A bronchoscopy is a medical procedure that allows a healthcare provider to visually examine the airways of the lungs, including the trachea and bronchi.

This examination is typically performed by a pulmonologist or a thoracic surgeon using a bronchoscope, which is a thin, flexible tube with a light and a camera on its end.

The bronchoscope is inserted through the patient’s nose or mouth and is gently guided down the throat into the airways.

The procedure can be performed for various reasons, such as:

  • Diagnostic purposes: Bronchoscopy can help identify various lung conditions, including infections, tumors, inflammation, bleeding, or other abnormalities in the airways.
  • Collection of tissue samples: During the procedure, small samples of lung tissue (biopsies) or fluid (bronchoalveolar lavage) may be collected for further analysis and testing.
  • Treatment: Bronchoscopy can be used to remove foreign objects, clear mucus plugs, control bleeding, or deliver medication directly to the lungs.


There are two main types of bronchoscopy:

  1. Flexible bronchoscopy: The most common type, which utilizes a flexible bronchoscope.

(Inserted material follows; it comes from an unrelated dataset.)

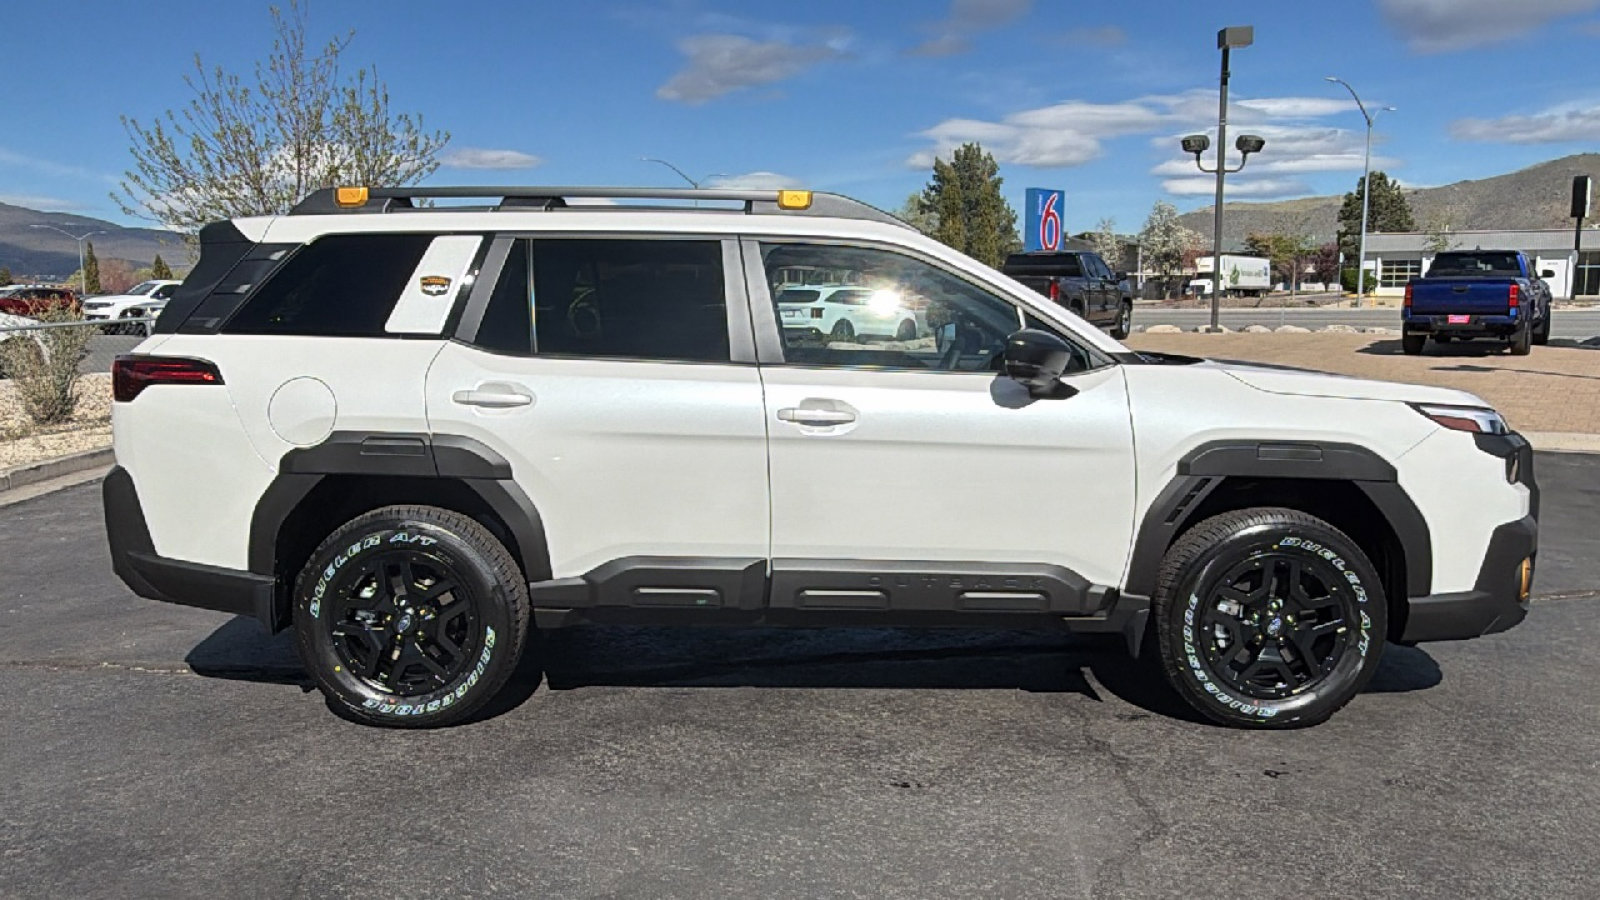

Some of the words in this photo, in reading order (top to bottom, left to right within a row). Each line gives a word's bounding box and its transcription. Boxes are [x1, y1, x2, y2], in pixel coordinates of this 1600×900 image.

[1040, 192, 1060, 250] 6
[310, 535, 381, 618] DUELER
[390, 532, 438, 546] A/T
[1358, 609, 1372, 657] A/T

It is usually performed under local anesthesia with sedation to keep the patient comfortable.
  2. Rigid bronchoscopy: Involves a rigid, metal bronchoscope and is typically performed under general anesthesia. It is less commonly used but may be necessary for certain situations, such as removing large foreign objects or controlling severe bleeding.

Overall, bronchoscopy is a valuable diagnostic and therapeutic tool for evaluating and managing respiratory conditions.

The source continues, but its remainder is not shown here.